What is being asked: The answer must be an exact copy of the records, with every picture left out.

Information supplied:
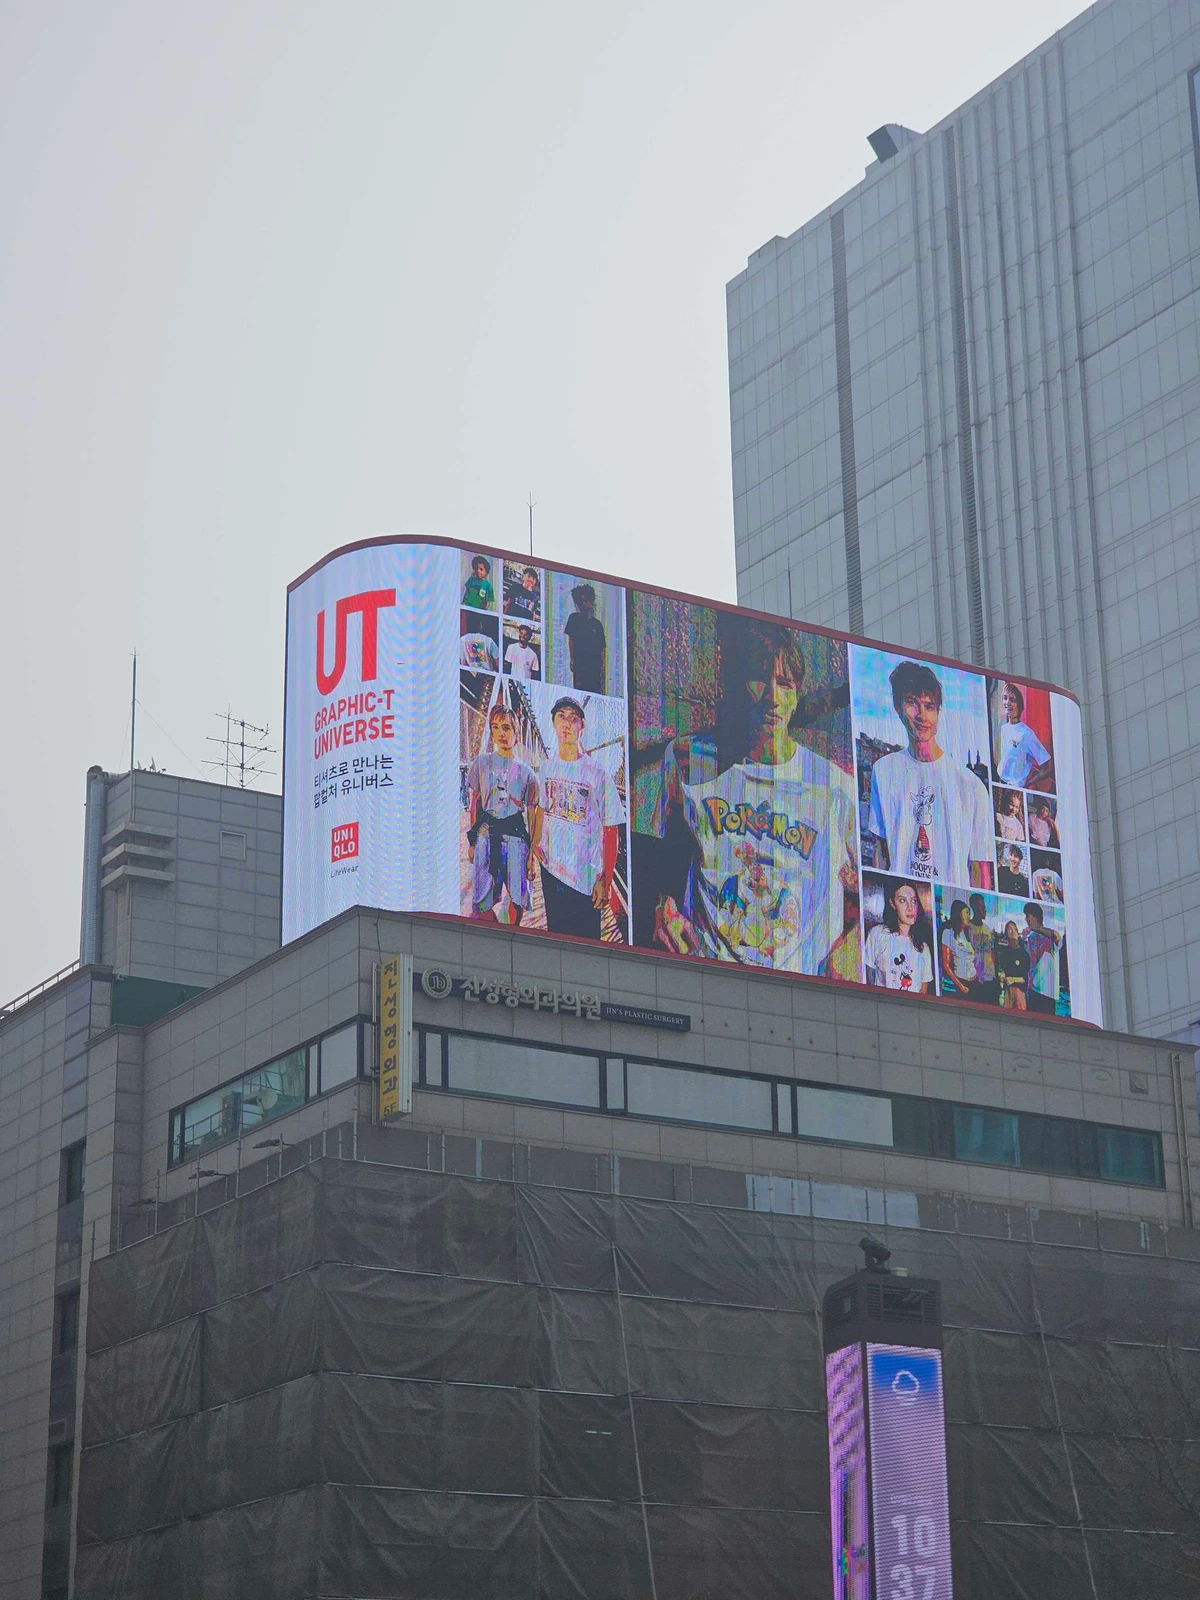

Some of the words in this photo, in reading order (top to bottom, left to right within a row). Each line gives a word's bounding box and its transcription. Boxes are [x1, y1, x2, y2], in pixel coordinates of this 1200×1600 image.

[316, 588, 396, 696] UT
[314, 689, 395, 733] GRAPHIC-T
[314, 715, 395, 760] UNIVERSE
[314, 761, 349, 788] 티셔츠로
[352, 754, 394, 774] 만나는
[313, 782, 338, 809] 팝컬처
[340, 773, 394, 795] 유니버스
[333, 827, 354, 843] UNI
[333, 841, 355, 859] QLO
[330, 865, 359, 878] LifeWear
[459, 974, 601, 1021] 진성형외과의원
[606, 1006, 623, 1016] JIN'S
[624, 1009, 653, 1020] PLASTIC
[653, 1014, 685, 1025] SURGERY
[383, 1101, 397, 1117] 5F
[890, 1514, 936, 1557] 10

Answer to the problem:
Some of the words in this photo, in reading order (top to bottom, left to right within a row). Each line gives a word's bounding box and its transcription. Boxes are [x1, y1, x2, y2], in pixel coordinates of this 1200×1600 image.

[316, 588, 396, 696] UT
[314, 689, 395, 733] GRAPHIC-T
[314, 715, 395, 760] UNIVERSE
[314, 761, 349, 788] 티셔츠로
[352, 754, 394, 774] 만나는
[313, 782, 338, 809] 팝컬처
[340, 773, 394, 795] 유니버스
[333, 827, 354, 843] UNI
[333, 841, 355, 859] QLO
[330, 865, 359, 878] LifeWear
[459, 974, 601, 1021] 진성형외과의원
[606, 1006, 623, 1016] JIN'S
[624, 1009, 653, 1020] PLASTIC
[653, 1014, 685, 1025] SURGERY
[383, 1101, 397, 1117] 5F
[890, 1514, 936, 1557] 10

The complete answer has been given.